[Extracted data]
+++++
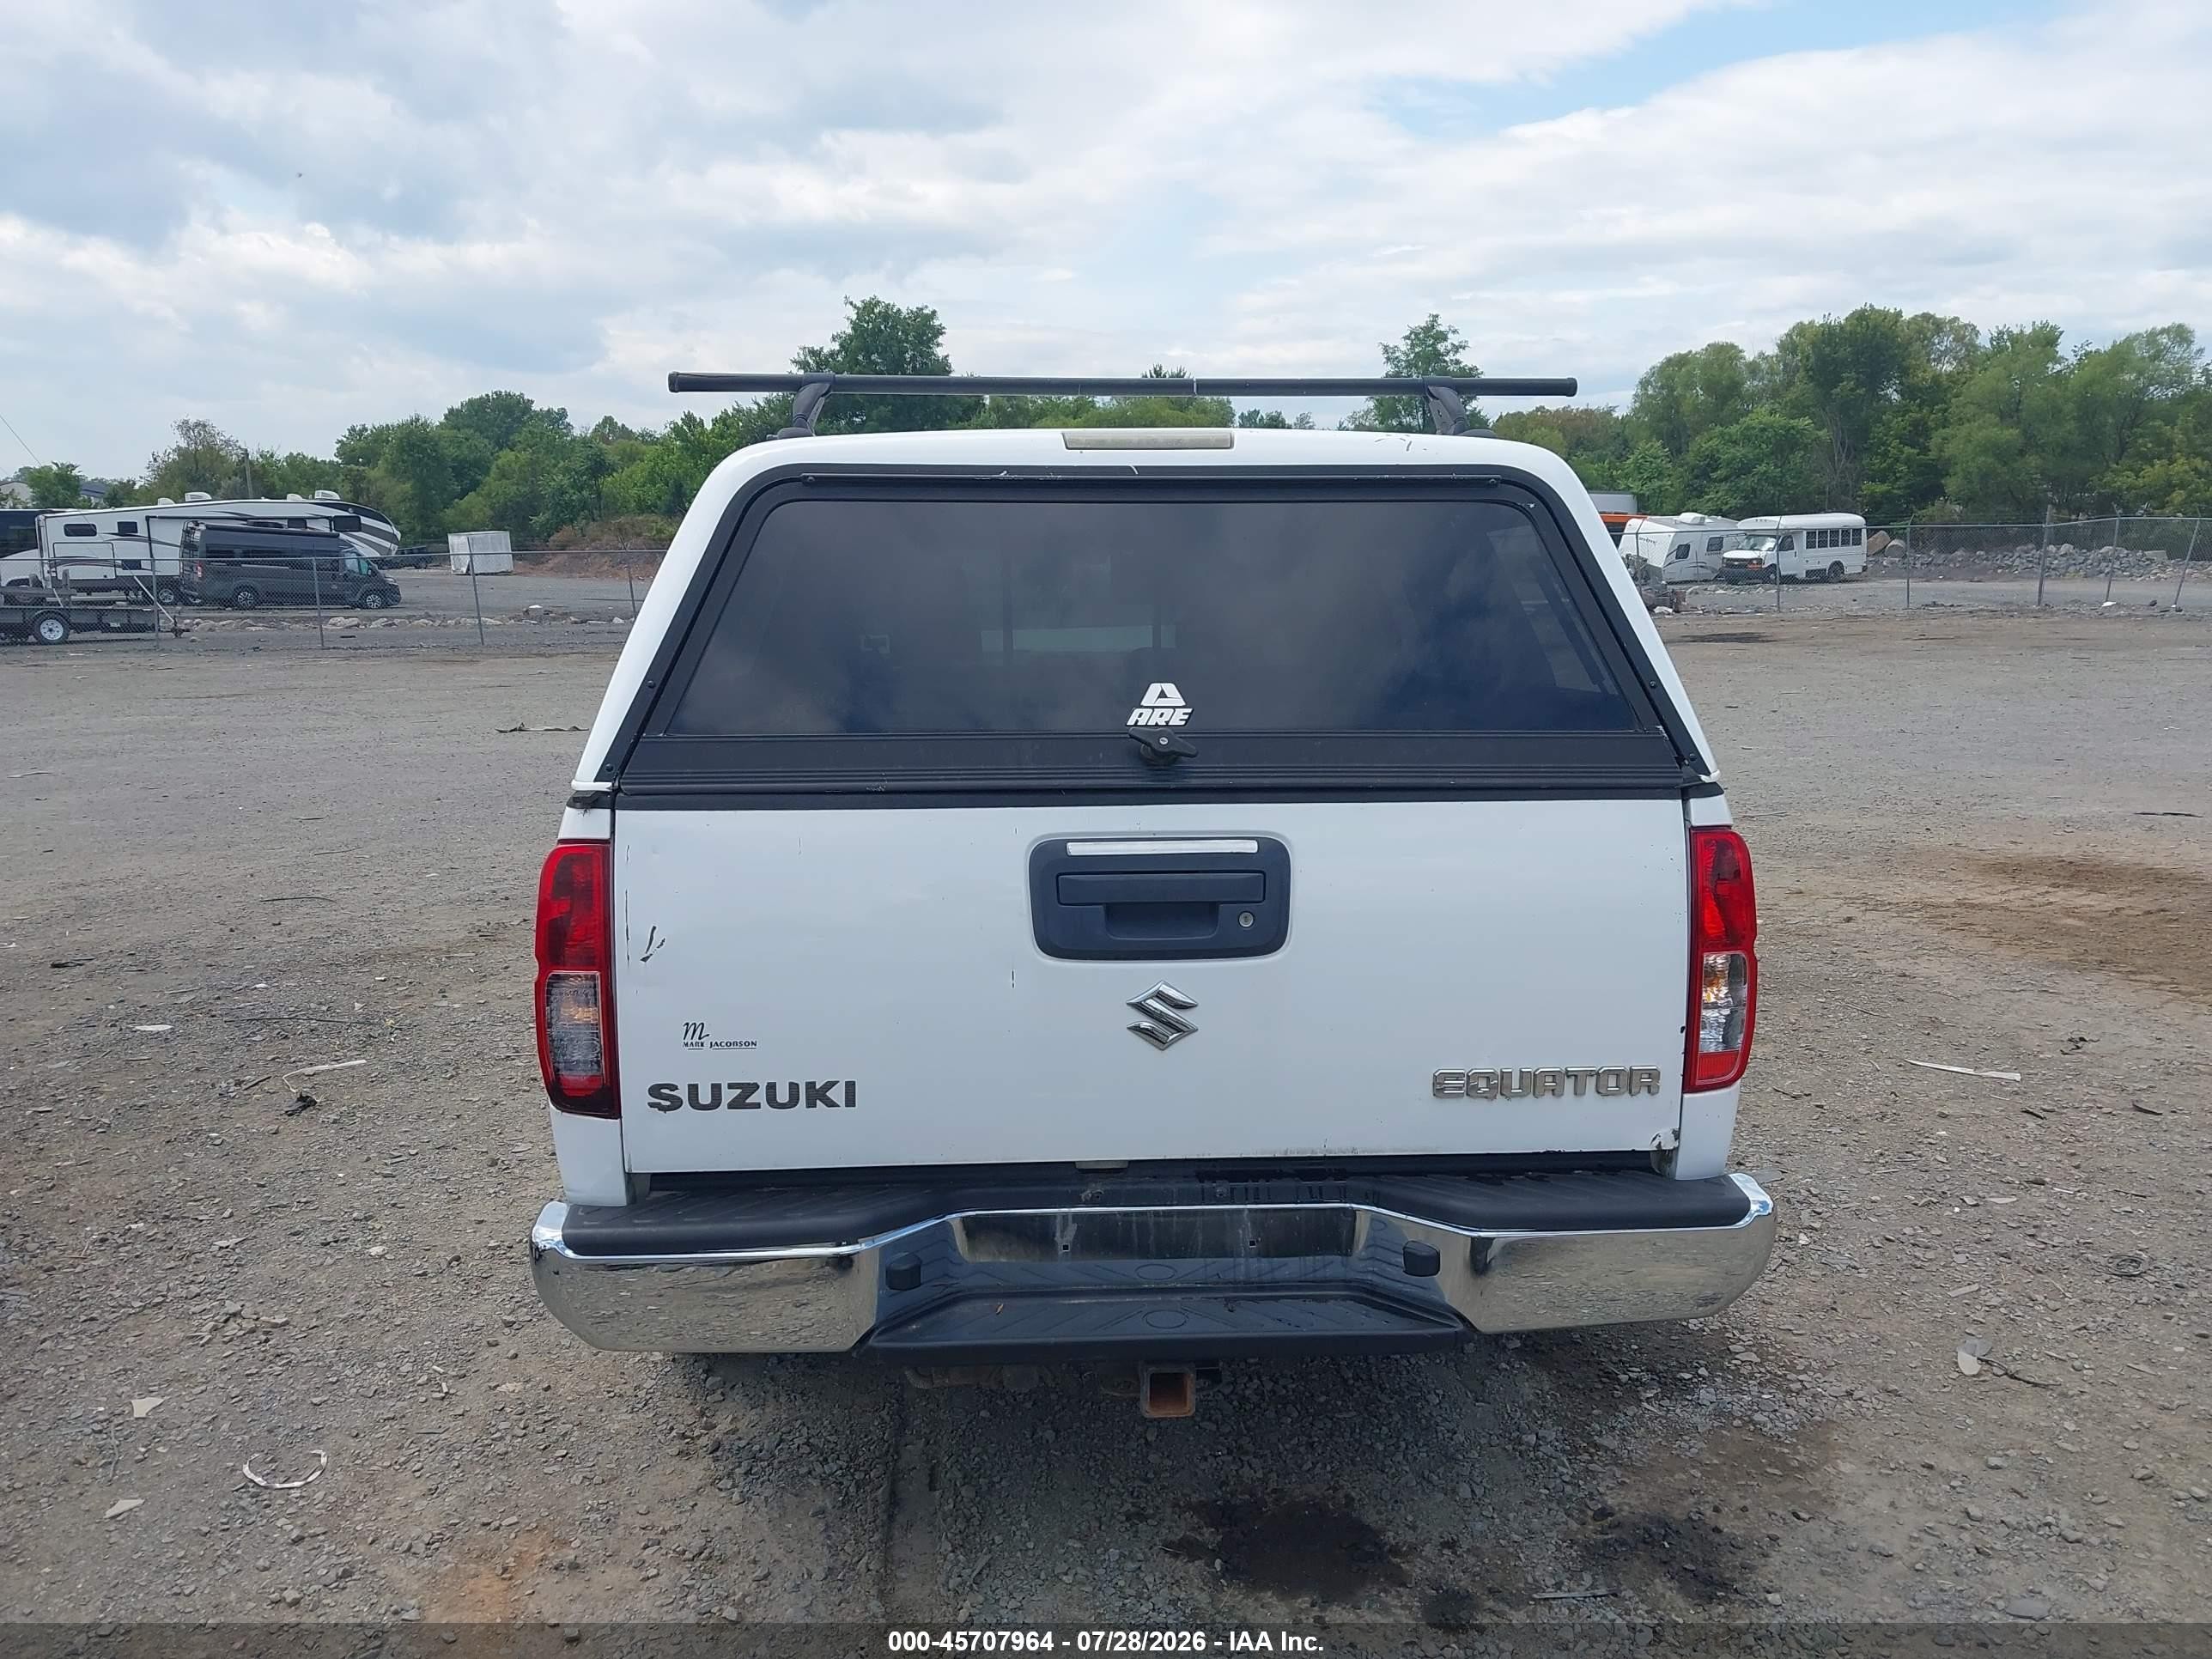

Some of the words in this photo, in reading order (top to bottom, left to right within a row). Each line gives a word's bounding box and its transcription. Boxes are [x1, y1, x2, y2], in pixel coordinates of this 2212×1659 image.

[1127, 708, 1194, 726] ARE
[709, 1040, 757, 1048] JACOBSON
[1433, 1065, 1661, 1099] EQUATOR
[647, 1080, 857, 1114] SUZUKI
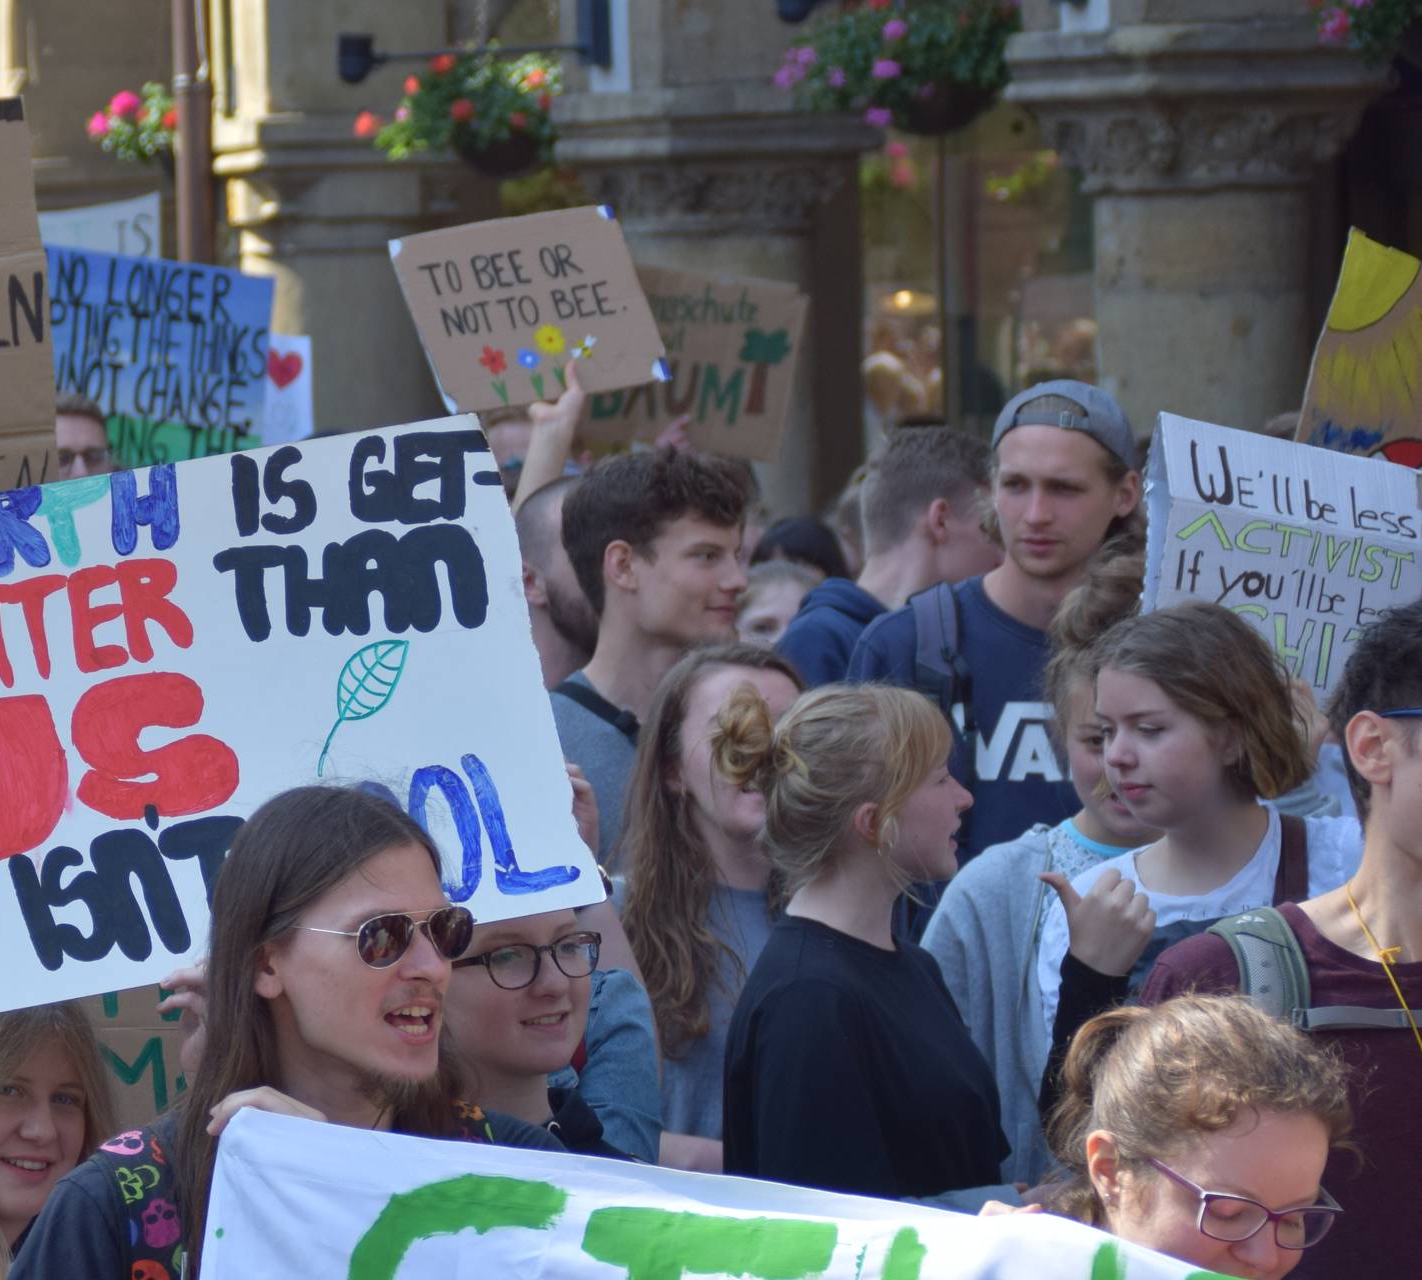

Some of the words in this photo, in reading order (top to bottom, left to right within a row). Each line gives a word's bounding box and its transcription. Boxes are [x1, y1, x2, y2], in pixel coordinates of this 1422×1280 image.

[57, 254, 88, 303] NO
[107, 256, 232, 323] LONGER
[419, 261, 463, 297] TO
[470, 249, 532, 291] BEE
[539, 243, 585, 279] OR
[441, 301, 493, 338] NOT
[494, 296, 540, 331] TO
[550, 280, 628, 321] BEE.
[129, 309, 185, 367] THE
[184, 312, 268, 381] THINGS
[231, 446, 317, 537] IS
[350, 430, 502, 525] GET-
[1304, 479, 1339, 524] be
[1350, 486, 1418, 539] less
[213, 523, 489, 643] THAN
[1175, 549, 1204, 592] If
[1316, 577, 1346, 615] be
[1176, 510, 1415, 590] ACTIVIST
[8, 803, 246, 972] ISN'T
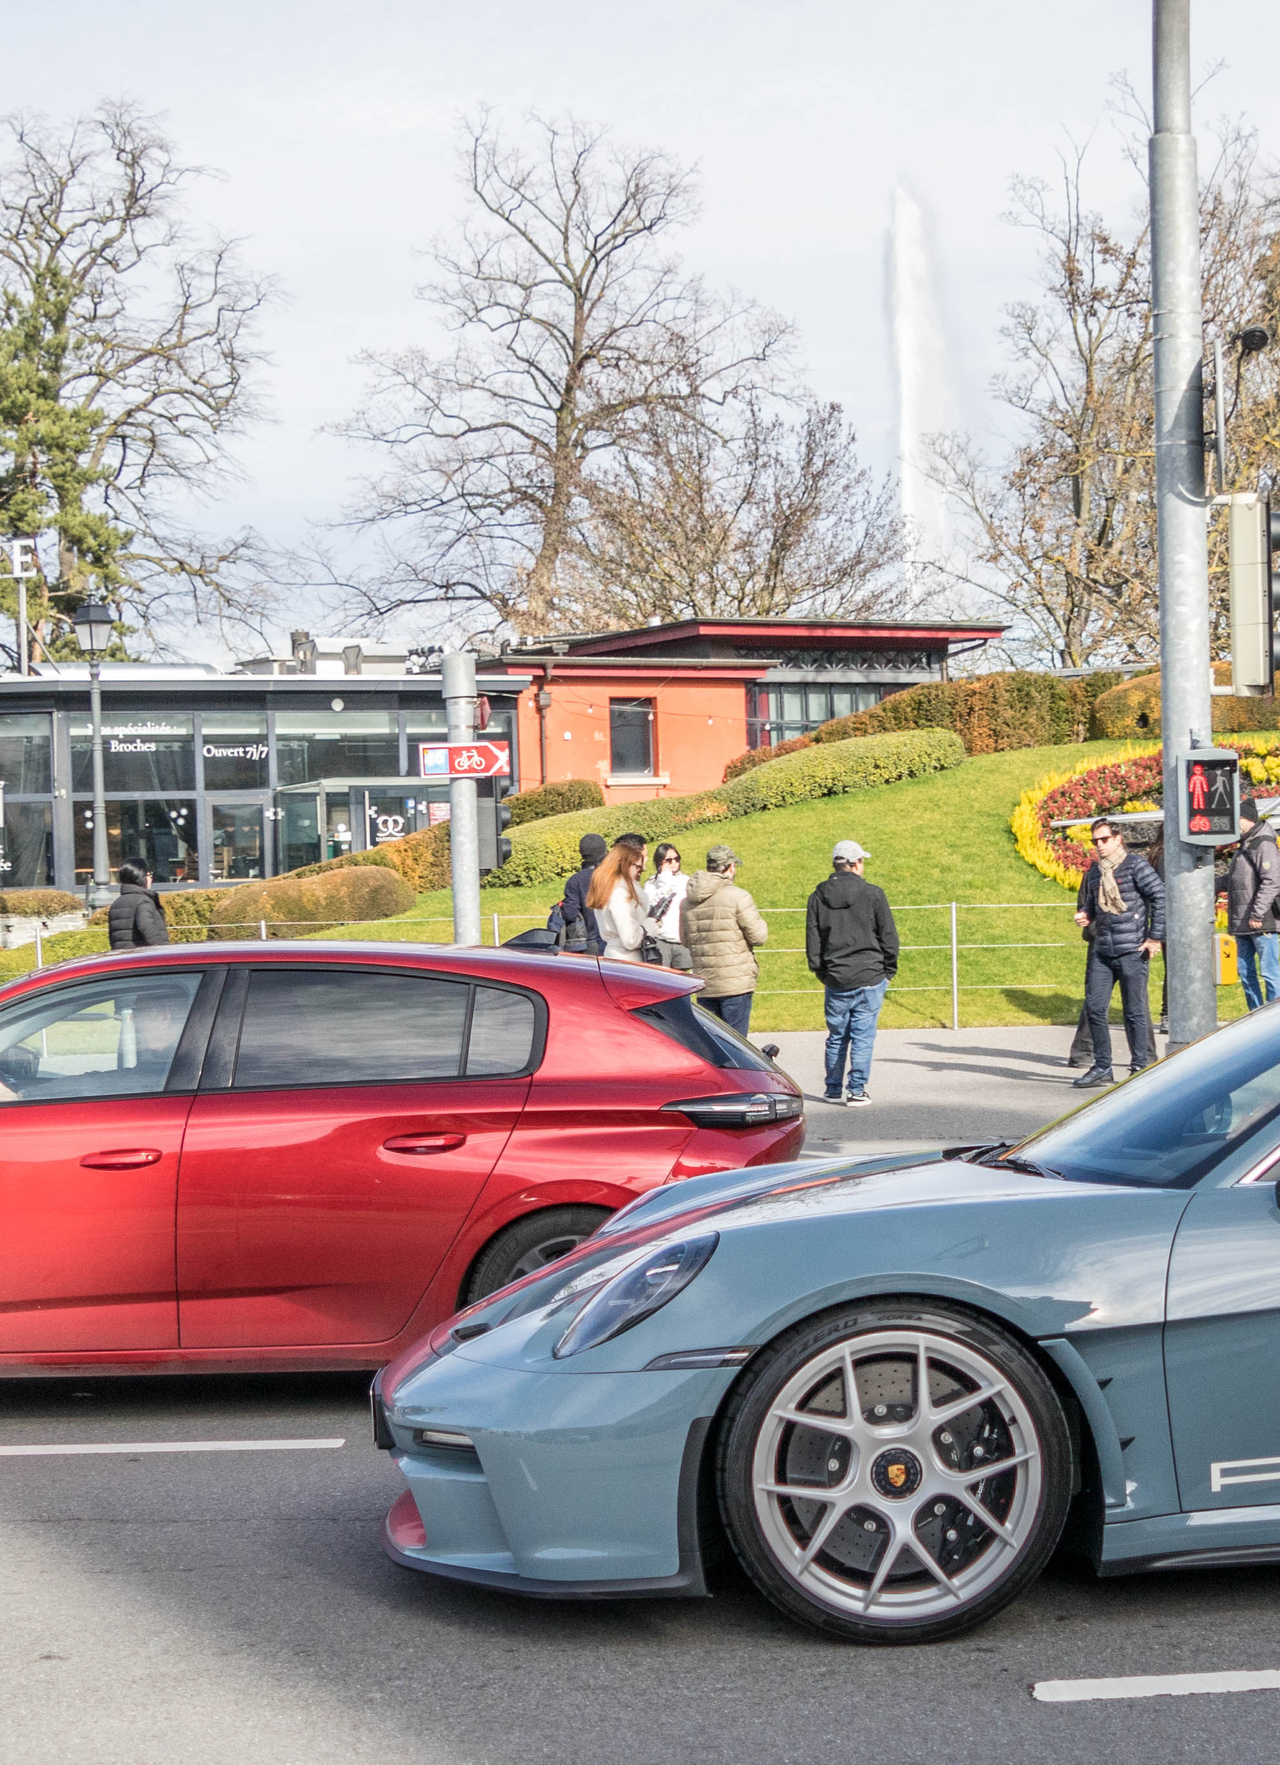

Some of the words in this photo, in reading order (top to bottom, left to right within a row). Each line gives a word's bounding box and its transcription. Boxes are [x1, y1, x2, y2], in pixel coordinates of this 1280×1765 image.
+++++
[Work task]
Starting at the line that contains "this 1422×1280 image." and ending at the final line of the data, reproduce each line exactly. Pictures stay out of the copy.

[Reply to the exercise]
Some of the words in this photo, in reading order (top to bottom, left to right within a row). Each line gives a word's bounding box and its transcription. Boxes are [x1, y1, x2, y2], in pixel coordinates of this 1422×1280 image.

[57, 254, 88, 303] NO
[107, 256, 232, 323] LONGER
[419, 261, 463, 297] TO
[470, 249, 532, 291] BEE
[539, 243, 585, 279] OR
[441, 301, 493, 338] NOT
[494, 296, 540, 331] TO
[550, 280, 628, 321] BEE.
[129, 309, 185, 367] THE
[184, 312, 268, 381] THINGS
[231, 446, 317, 537] IS
[350, 430, 502, 525] GET-
[1304, 479, 1339, 524] be
[1350, 486, 1418, 539] less
[213, 523, 489, 643] THAN
[1175, 549, 1204, 592] If
[1316, 577, 1346, 615] be
[1176, 510, 1415, 590] ACTIVIST
[8, 803, 246, 972] ISN'T

Some of the words in this photo, in reading order (top to bottom, left to right within a row). Each line gives a word's bounding box and its transcription. Boxes are [x1, y1, x2, y2], in pixel coordinates of this 1280×1765 image.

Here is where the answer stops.